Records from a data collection
--------------------------------------------------

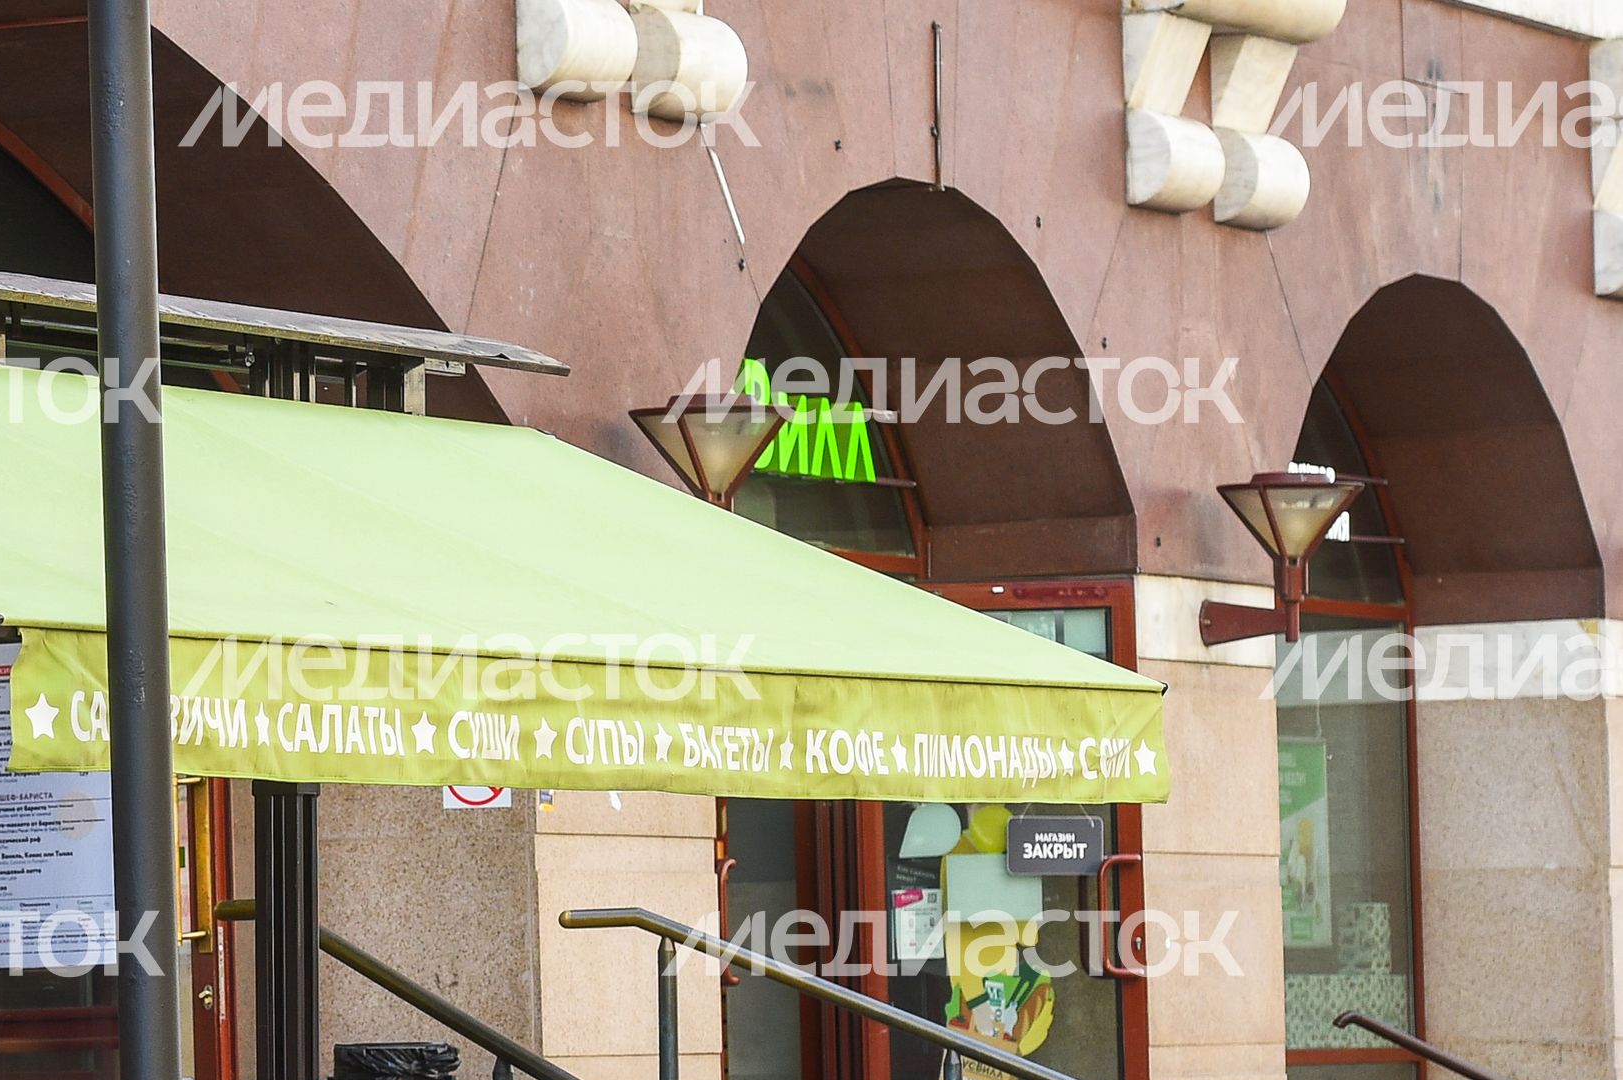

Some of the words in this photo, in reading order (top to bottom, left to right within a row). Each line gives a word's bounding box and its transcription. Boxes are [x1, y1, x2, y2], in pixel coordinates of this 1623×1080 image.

[71, 690, 248, 748] САВИЧИ
[277, 703, 405, 757] САЛАТЫ
[448, 710, 520, 761] СУШИ
[565, 716, 645, 766] СУПЫ
[679, 722, 773, 772] БАГЕТЫ
[805, 728, 890, 777] КОФЕ
[913, 733, 1058, 788] ЛИМОНАДЫ
[1035, 833, 1075, 843] МАГАЗИН
[1023, 843, 1088, 860] ЗАКРЫТ
[963, 1058, 1004, 1080] УСВИЛЛ

--------------------------------------------------

» YOUR GOAL
Leaving out every picture, repeat the records above exactly as they stand.

» OUTPUT
Some of the words in this photo, in reading order (top to bottom, left to right within a row). Each line gives a word's bounding box and its transcription. Boxes are [x1, y1, x2, y2], in pixel coordinates of this 1623×1080 image.

[71, 690, 248, 748] САВИЧИ
[277, 703, 405, 757] САЛАТЫ
[448, 710, 520, 761] СУШИ
[565, 716, 645, 766] СУПЫ
[679, 722, 773, 772] БАГЕТЫ
[805, 728, 890, 777] КОФЕ
[913, 733, 1058, 788] ЛИМОНАДЫ
[1035, 833, 1075, 843] МАГАЗИН
[1023, 843, 1088, 860] ЗАКРЫТ
[963, 1058, 1004, 1080] УСВИЛЛ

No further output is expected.